Image-backed grounding data

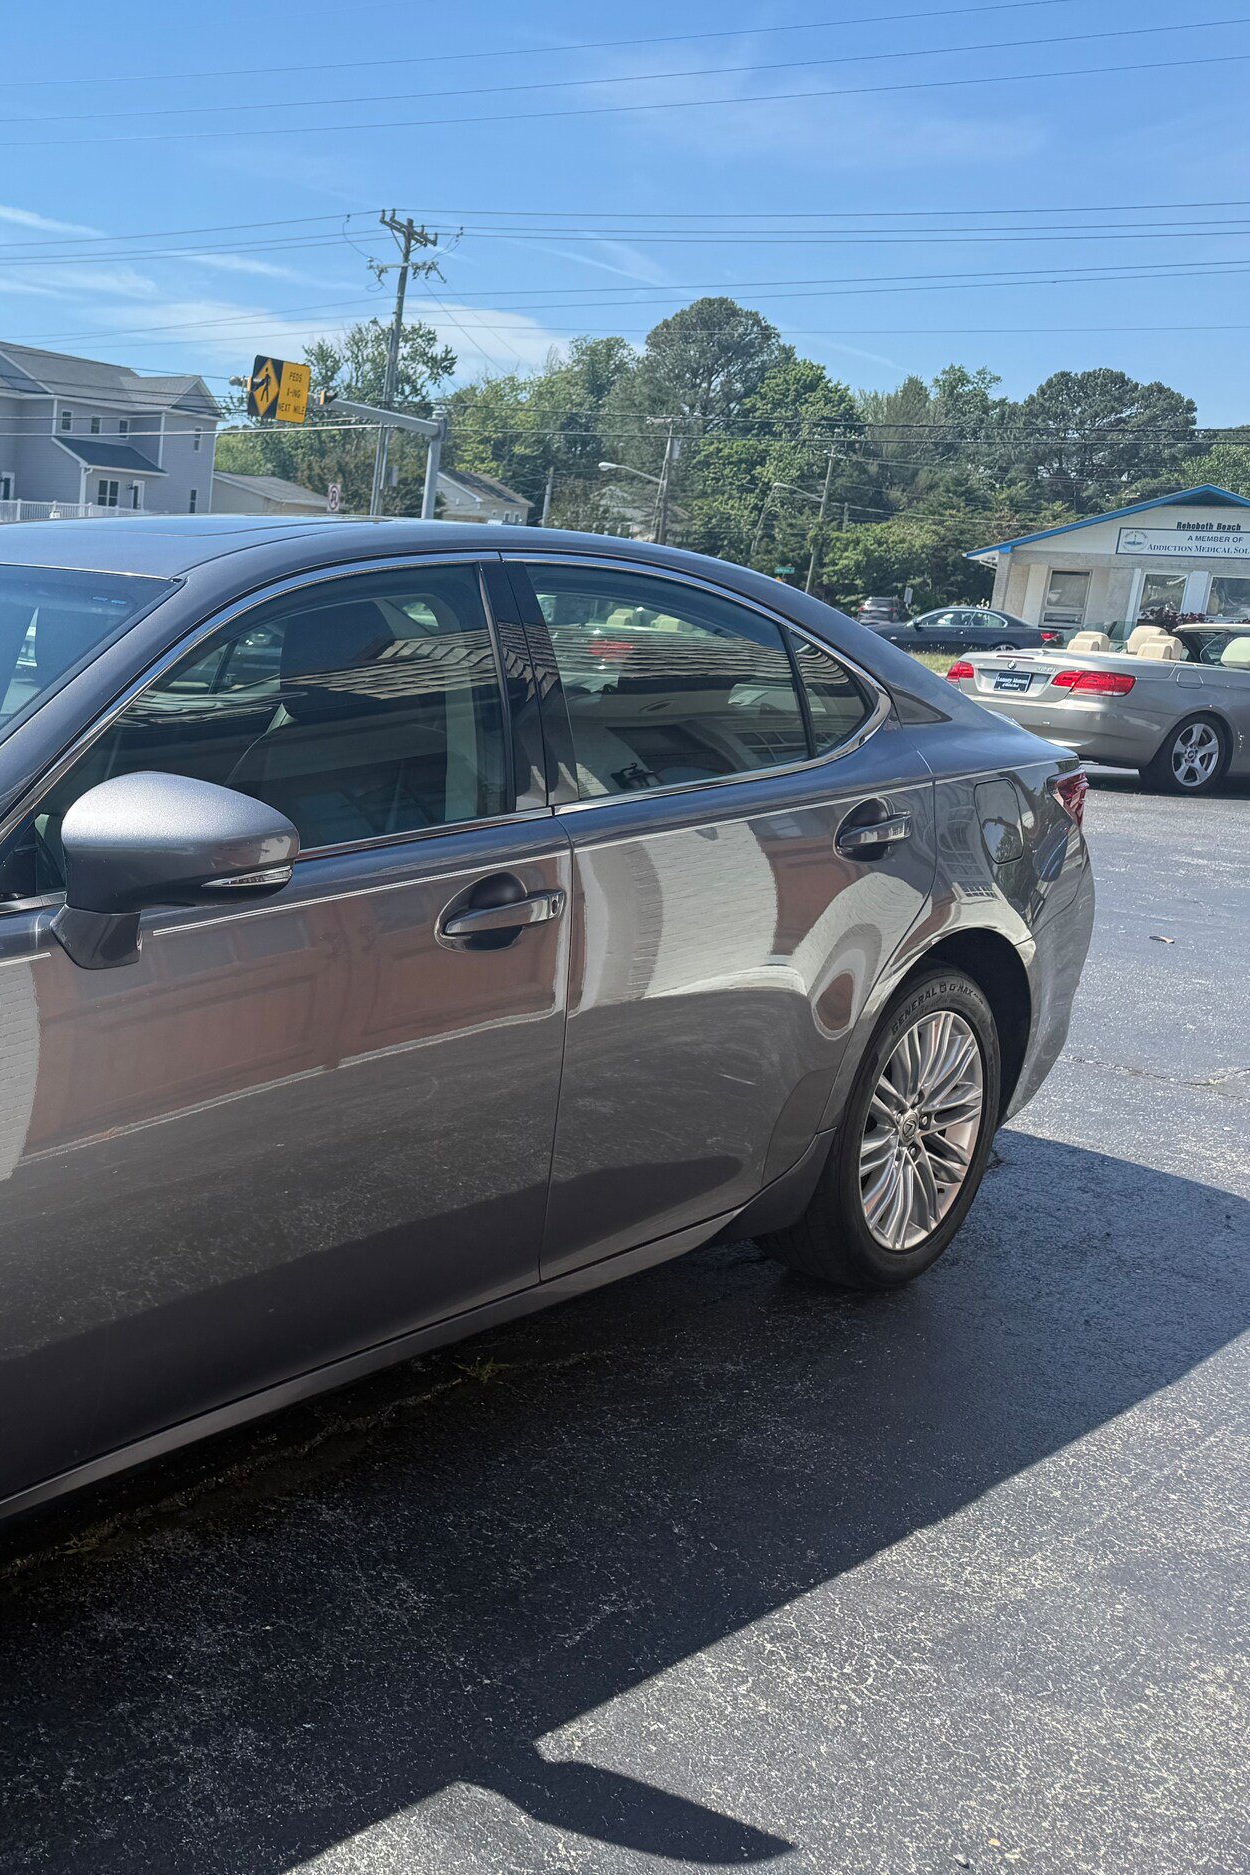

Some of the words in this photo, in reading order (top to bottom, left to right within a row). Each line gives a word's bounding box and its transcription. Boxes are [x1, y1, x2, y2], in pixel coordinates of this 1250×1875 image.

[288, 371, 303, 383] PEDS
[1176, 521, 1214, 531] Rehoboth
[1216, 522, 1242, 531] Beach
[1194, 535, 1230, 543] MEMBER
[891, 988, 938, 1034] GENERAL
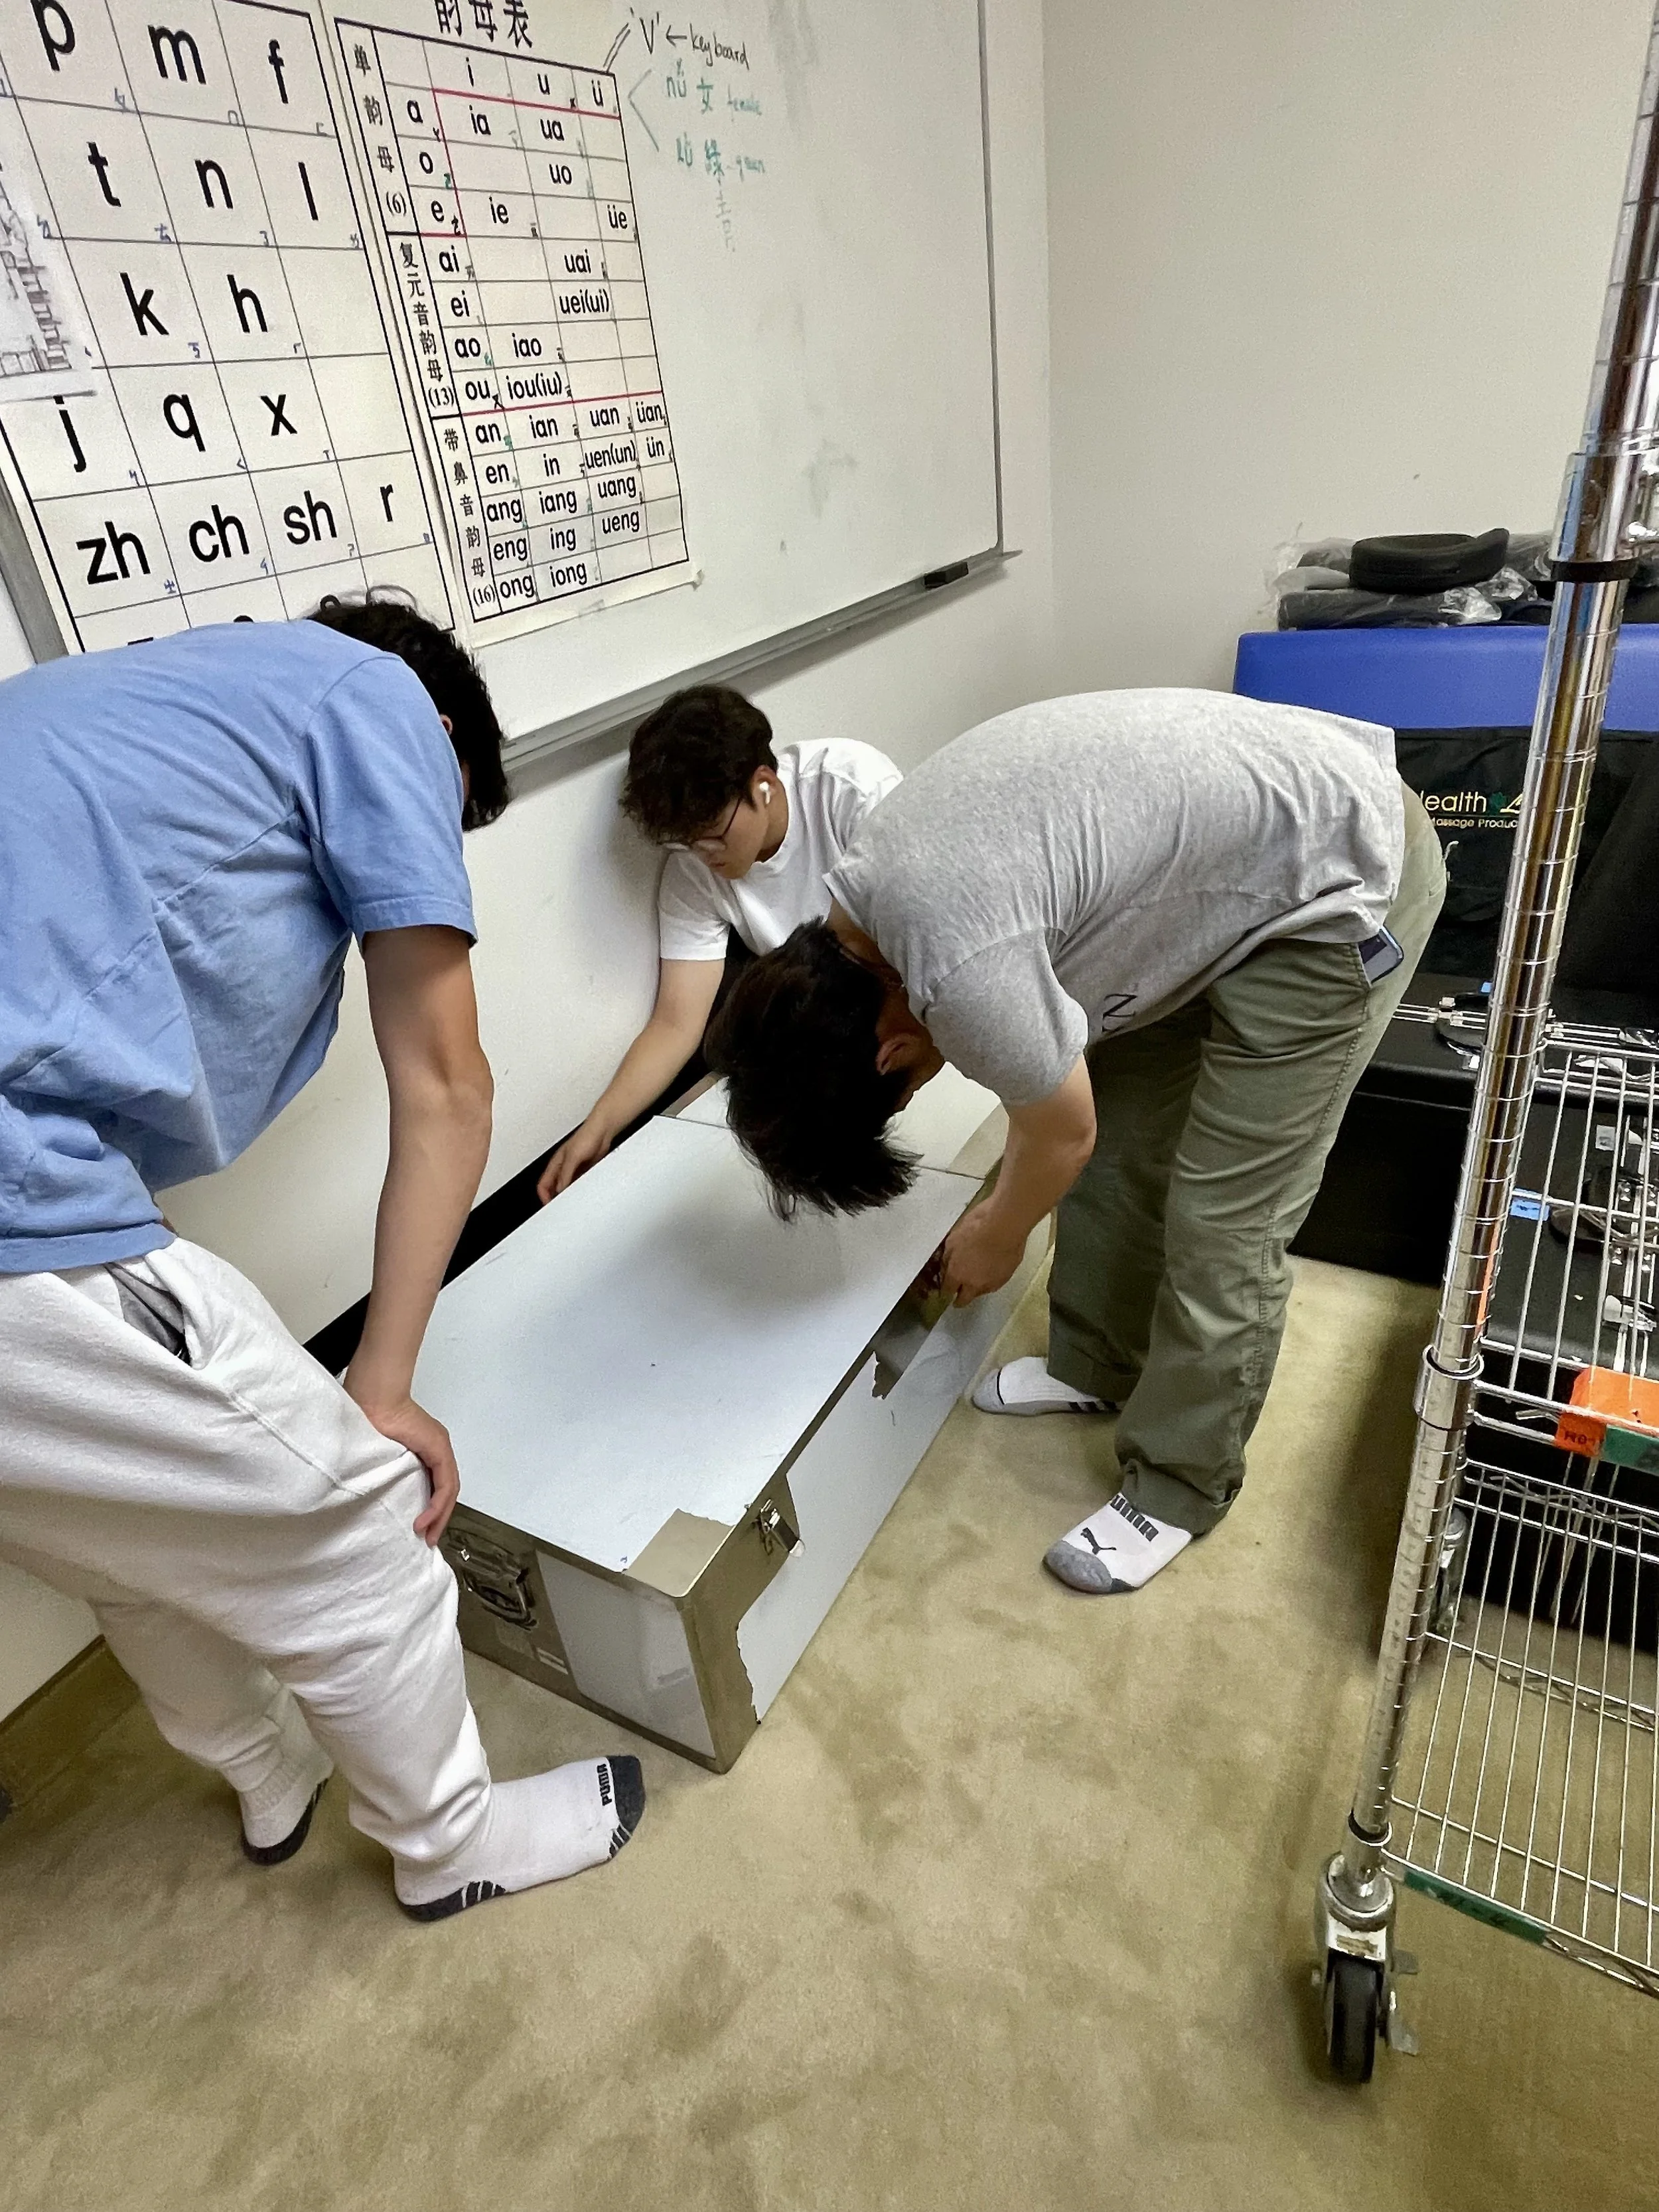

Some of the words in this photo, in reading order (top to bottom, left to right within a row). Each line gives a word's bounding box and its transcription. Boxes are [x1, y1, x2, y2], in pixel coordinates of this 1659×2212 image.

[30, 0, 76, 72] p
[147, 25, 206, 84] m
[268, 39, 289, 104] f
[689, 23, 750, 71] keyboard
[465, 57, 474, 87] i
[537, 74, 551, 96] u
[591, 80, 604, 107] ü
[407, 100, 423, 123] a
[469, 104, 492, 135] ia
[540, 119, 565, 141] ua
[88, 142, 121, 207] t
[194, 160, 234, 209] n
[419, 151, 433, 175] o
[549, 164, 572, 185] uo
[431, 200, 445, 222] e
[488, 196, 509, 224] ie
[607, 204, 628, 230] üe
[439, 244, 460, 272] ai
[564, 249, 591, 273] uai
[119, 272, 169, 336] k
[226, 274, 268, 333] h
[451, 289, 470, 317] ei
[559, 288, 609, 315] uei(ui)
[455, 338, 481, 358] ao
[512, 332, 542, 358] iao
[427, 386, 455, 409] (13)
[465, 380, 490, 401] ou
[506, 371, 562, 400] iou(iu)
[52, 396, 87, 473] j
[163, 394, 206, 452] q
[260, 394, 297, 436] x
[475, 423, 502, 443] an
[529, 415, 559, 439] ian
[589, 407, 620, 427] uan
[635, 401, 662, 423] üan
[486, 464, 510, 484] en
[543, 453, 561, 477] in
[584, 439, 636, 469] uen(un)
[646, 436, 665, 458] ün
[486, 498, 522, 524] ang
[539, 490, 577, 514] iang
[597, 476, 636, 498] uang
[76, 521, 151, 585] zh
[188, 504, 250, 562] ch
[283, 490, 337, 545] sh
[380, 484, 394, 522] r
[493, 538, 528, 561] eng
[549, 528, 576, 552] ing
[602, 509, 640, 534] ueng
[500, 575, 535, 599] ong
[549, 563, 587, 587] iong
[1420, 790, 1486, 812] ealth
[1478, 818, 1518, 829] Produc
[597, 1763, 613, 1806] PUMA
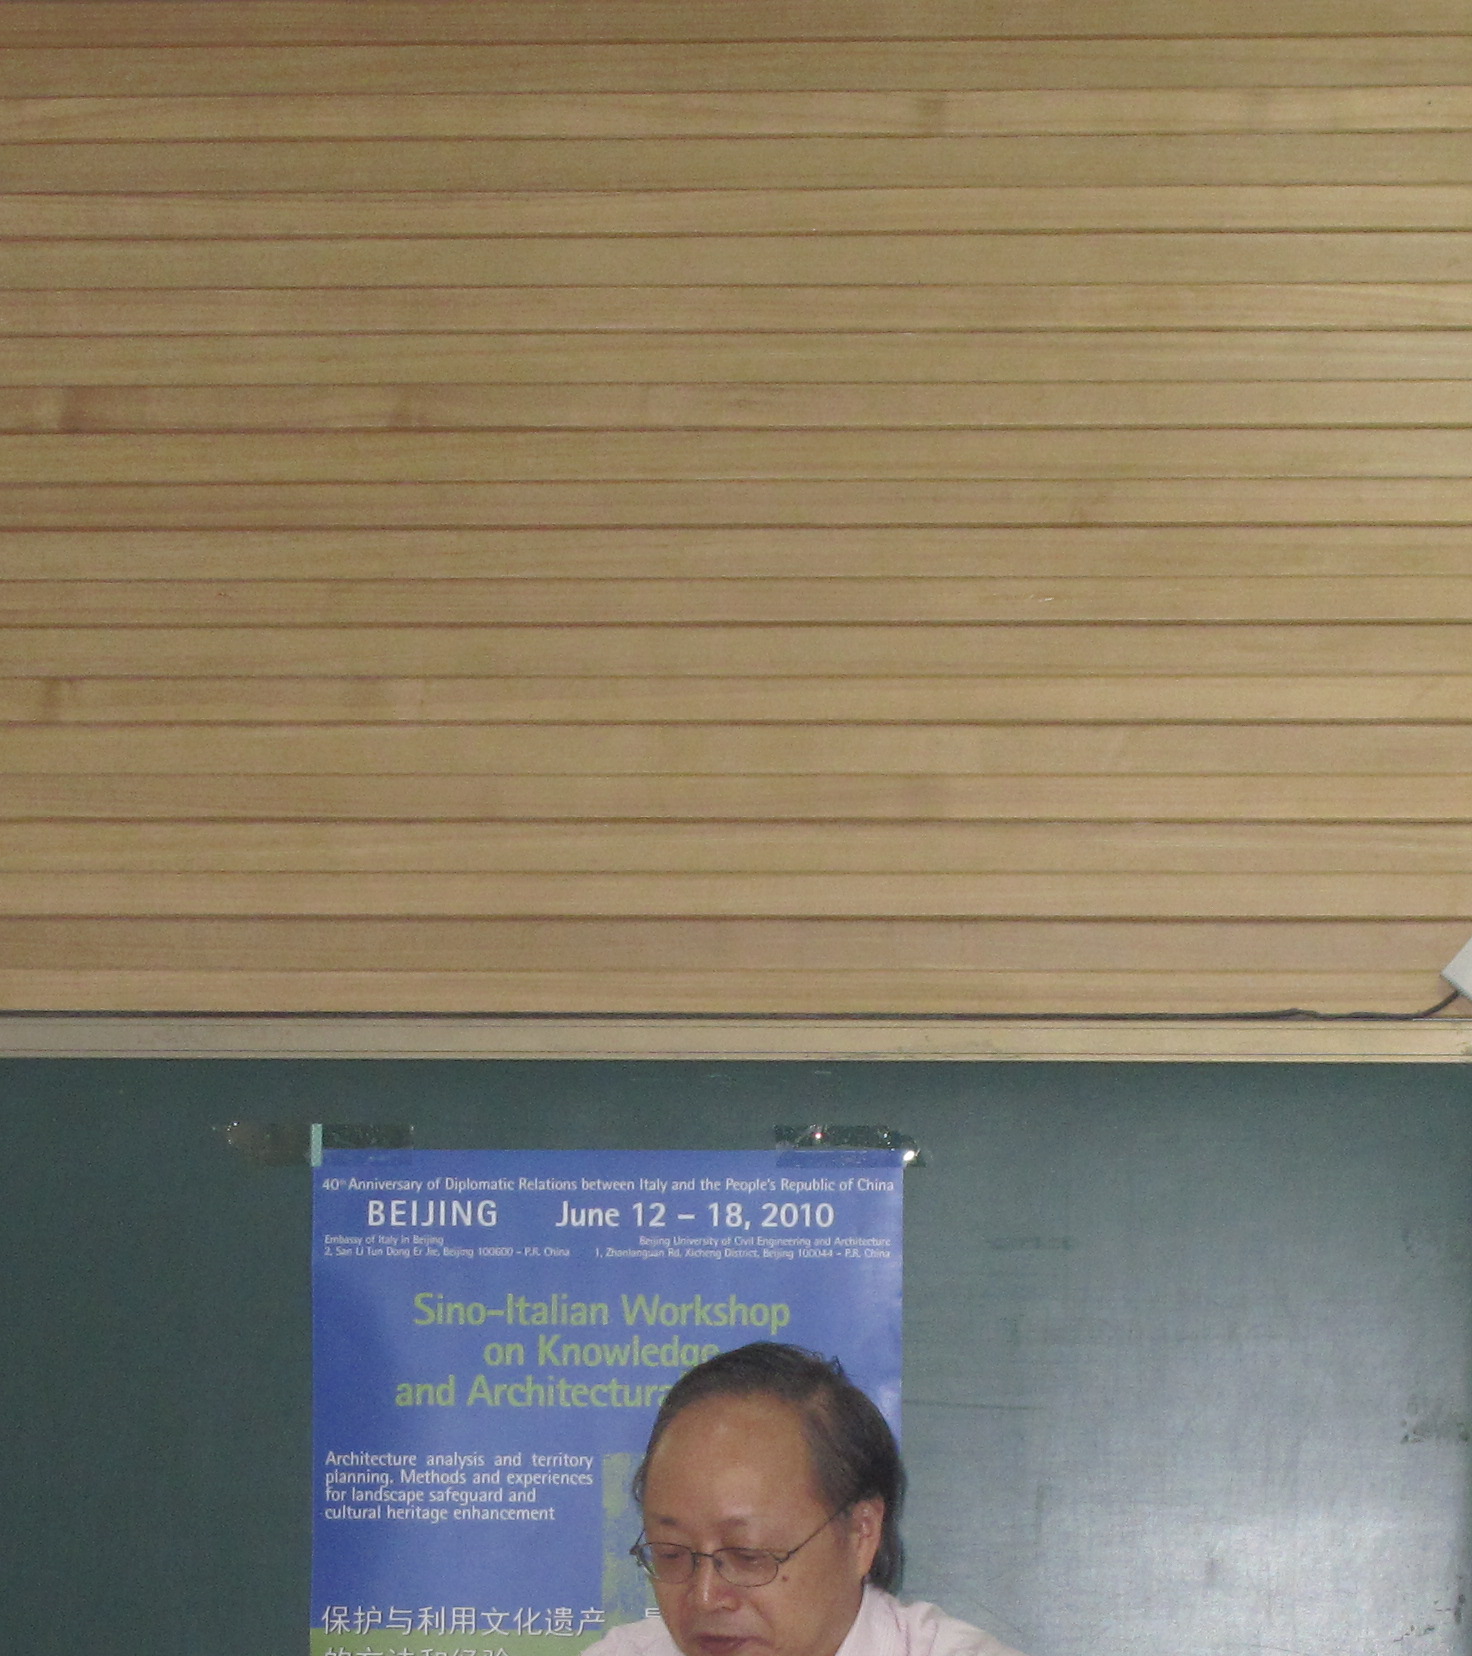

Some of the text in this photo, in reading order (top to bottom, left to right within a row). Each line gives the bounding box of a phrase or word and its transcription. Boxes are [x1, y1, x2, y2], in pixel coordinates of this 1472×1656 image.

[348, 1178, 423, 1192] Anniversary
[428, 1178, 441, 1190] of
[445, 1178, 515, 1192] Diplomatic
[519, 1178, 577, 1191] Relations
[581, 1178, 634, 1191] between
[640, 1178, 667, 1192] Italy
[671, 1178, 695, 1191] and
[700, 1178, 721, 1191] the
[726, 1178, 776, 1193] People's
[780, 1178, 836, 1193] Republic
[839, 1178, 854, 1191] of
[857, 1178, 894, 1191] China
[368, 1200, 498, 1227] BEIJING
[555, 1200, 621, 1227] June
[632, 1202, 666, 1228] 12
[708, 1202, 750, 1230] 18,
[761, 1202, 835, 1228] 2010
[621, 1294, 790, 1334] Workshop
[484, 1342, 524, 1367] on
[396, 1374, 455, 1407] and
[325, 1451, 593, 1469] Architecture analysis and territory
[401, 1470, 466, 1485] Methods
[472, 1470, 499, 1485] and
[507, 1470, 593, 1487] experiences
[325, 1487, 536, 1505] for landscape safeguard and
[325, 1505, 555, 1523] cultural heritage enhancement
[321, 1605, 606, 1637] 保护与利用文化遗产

- WHAT NEEDS TO BE DONE: Exact retyping is required: the line with "Some of the text" through the end of the data, both ends included, and no other line.

- SOLUTION:
Some of the text in this photo, in reading order (top to bottom, left to right within a row). Each line gives the bounding box of a phrase or word and its transcription. Boxes are [x1, y1, x2, y2], in pixel coordinates of this 1472×1656 image.

[348, 1178, 423, 1192] Anniversary
[428, 1178, 441, 1190] of
[445, 1178, 515, 1192] Diplomatic
[519, 1178, 577, 1191] Relations
[581, 1178, 634, 1191] between
[640, 1178, 667, 1192] Italy
[671, 1178, 695, 1191] and
[700, 1178, 721, 1191] the
[726, 1178, 776, 1193] People's
[780, 1178, 836, 1193] Republic
[839, 1178, 854, 1191] of
[857, 1178, 894, 1191] China
[368, 1200, 498, 1227] BEIJING
[555, 1200, 621, 1227] June
[632, 1202, 666, 1228] 12
[708, 1202, 750, 1230] 18,
[761, 1202, 835, 1228] 2010
[621, 1294, 790, 1334] Workshop
[484, 1342, 524, 1367] on
[396, 1374, 455, 1407] and
[325, 1451, 593, 1469] Architecture analysis and territory
[401, 1470, 466, 1485] Methods
[472, 1470, 499, 1485] and
[507, 1470, 593, 1487] experiences
[325, 1487, 536, 1505] for landscape safeguard and
[325, 1505, 555, 1523] cultural heritage enhancement
[321, 1605, 606, 1637] 保护与利用文化遗产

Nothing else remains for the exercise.